Phrase grounding data
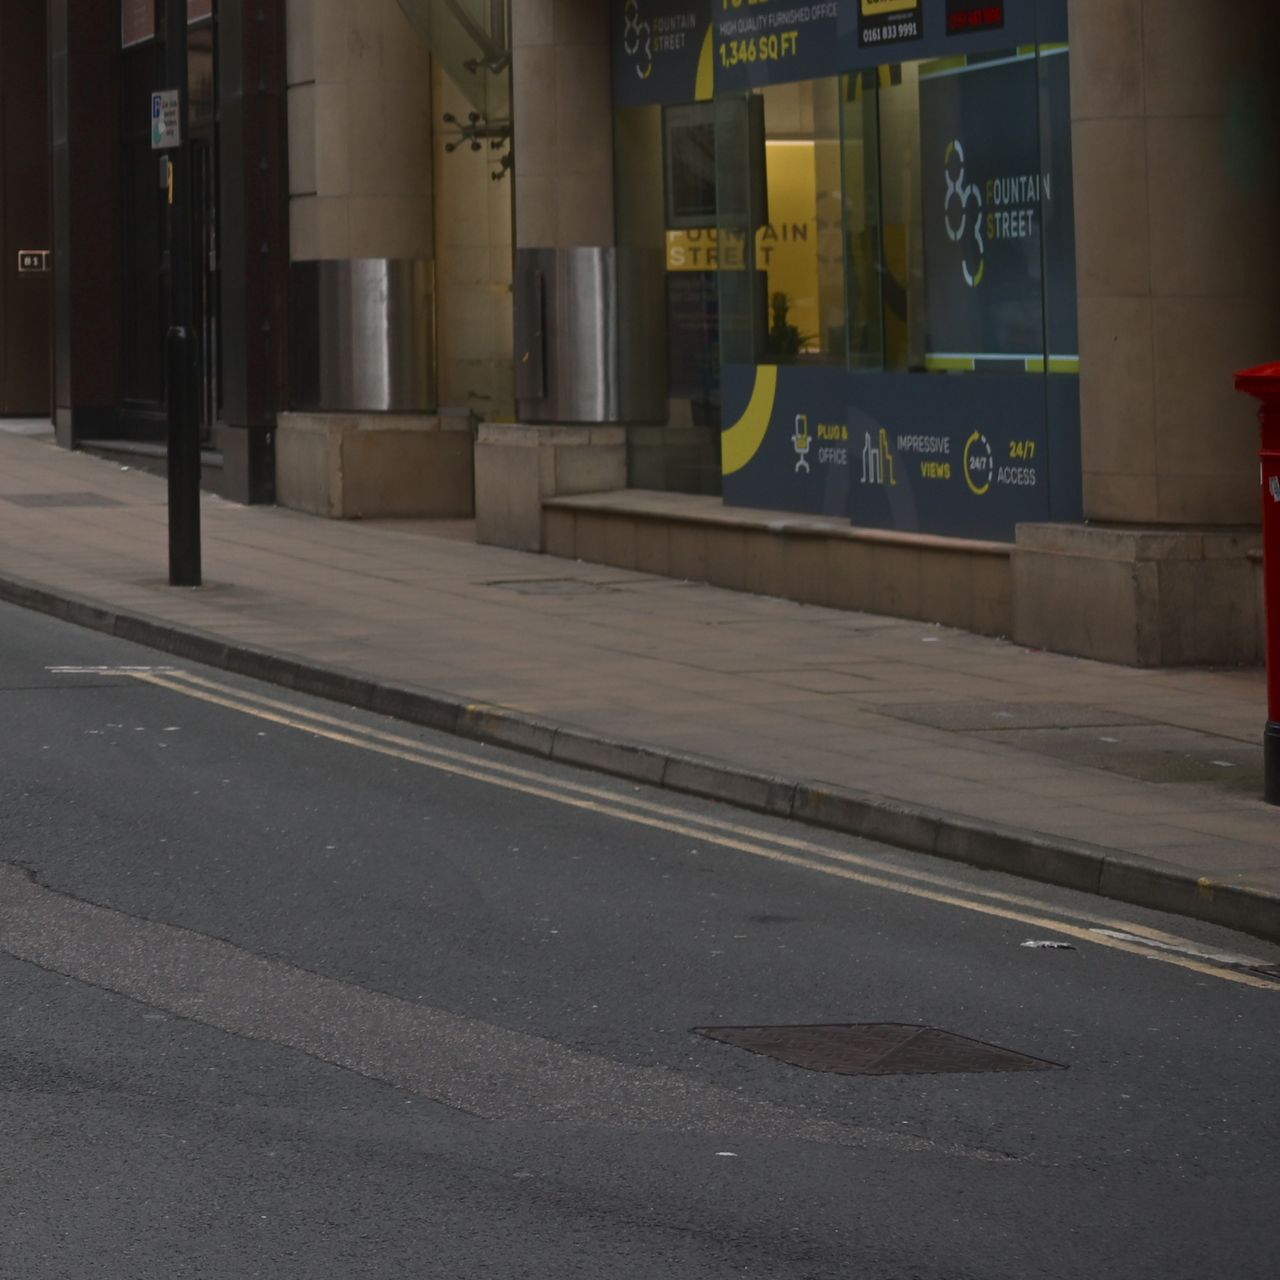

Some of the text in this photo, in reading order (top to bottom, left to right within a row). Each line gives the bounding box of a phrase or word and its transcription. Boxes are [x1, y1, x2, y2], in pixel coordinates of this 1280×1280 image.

[653, 13, 697, 33] FOUNTAIN
[719, 2, 838, 36] HIGH QUALITY FURNISHED OFFICE
[653, 33, 686, 52] STREET
[863, 28, 881, 43] 0161
[719, 31, 799, 68] 1,346 SQ FT
[986, 172, 1051, 206] FOUNTAIN
[986, 209, 1034, 240] STREET
[670, 246, 775, 266] STRET
[817, 423, 840, 440] PLUG
[896, 434, 951, 455] IMPRESSIVE
[1009, 440, 1036, 460] 24/7
[818, 447, 848, 465] OFFICE
[920, 461, 951, 480] VIEWS
[997, 466, 1037, 486] ACCESS
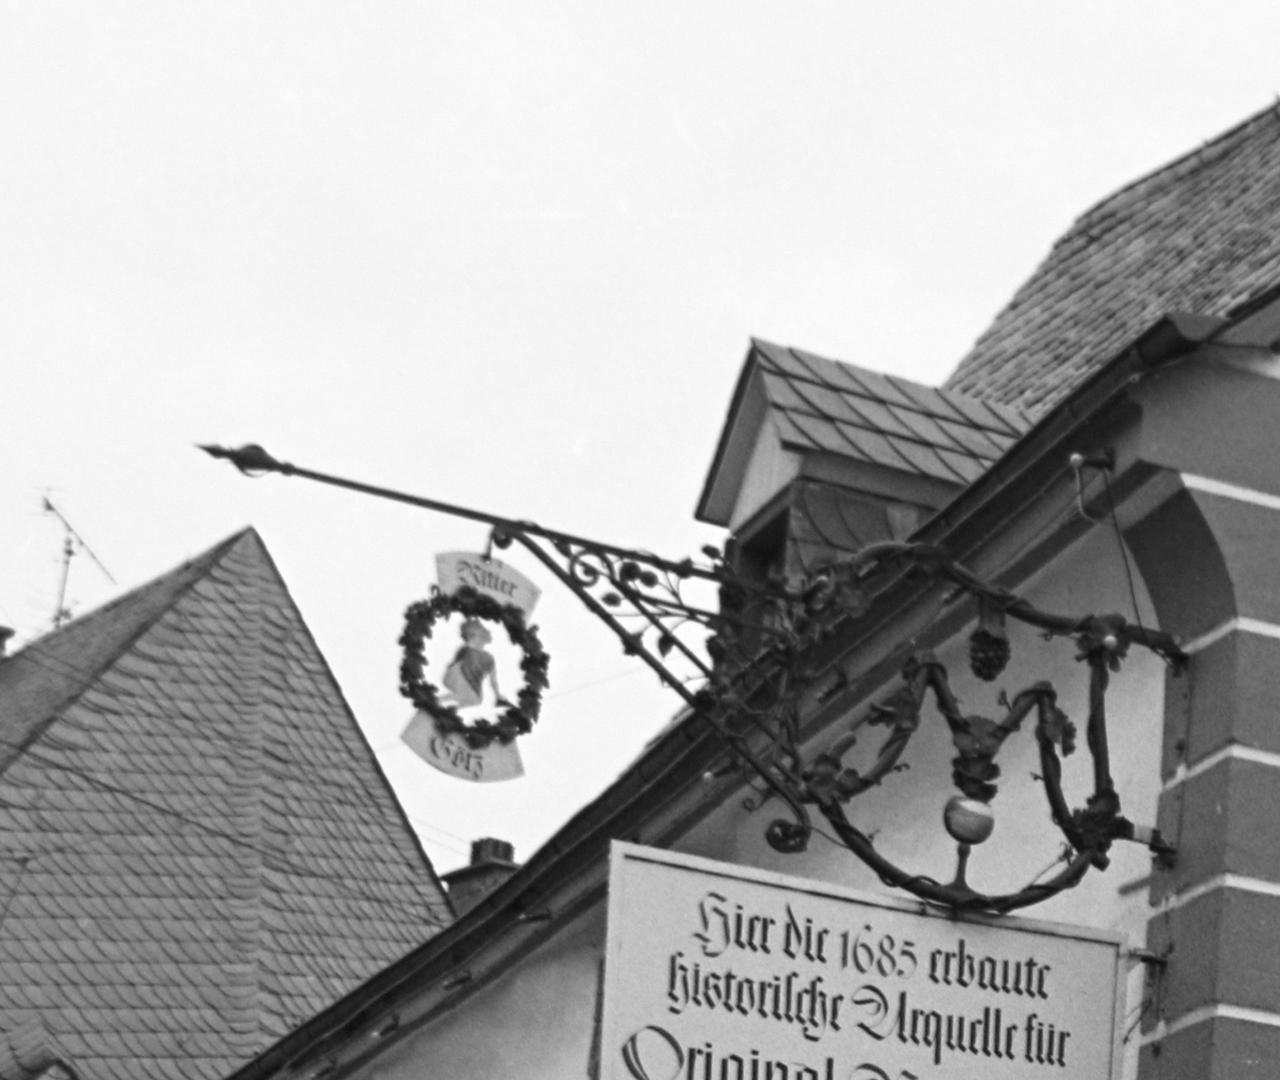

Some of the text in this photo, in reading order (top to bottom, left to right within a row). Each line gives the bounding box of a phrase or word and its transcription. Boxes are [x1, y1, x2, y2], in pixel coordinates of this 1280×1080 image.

[457, 560, 519, 598] Ritter
[694, 892, 1051, 1000] Hier die 1685 erbaute
[667, 952, 1072, 1067] historische Urquelle für

Task requirements
Write all the entries again word for word, minus the pictures.

Solution to the problem
Some of the text in this photo, in reading order (top to bottom, left to right within a row). Each line gives the bounding box of a phrase or word and its transcription. Boxes are [x1, y1, x2, y2], in pixel coordinates of this 1280×1280 image.

[653, 13, 697, 33] FOUNTAIN
[719, 2, 838, 36] HIGH QUALITY FURNISHED OFFICE
[653, 33, 686, 52] STREET
[863, 28, 881, 43] 0161
[719, 31, 799, 68] 1,346 SQ FT
[986, 172, 1051, 206] FOUNTAIN
[986, 209, 1034, 240] STREET
[670, 246, 775, 266] STRET
[817, 423, 840, 440] PLUG
[896, 434, 951, 455] IMPRESSIVE
[1009, 440, 1036, 460] 24/7
[818, 447, 848, 465] OFFICE
[920, 461, 951, 480] VIEWS
[997, 466, 1037, 486] ACCESS

Some of the text in this photo, in reading order (top to bottom, left to right within a row). Each line gives the bounding box of a phrase or word and its transcription. Boxes are [x1, y1, x2, y2], in pixel coordinates of this 1280×1080 image.

[457, 560, 519, 598] Ritter
[694, 892, 1051, 1000] Hier die 1685 erbaute
[667, 952, 1072, 1067] historische Urquelle für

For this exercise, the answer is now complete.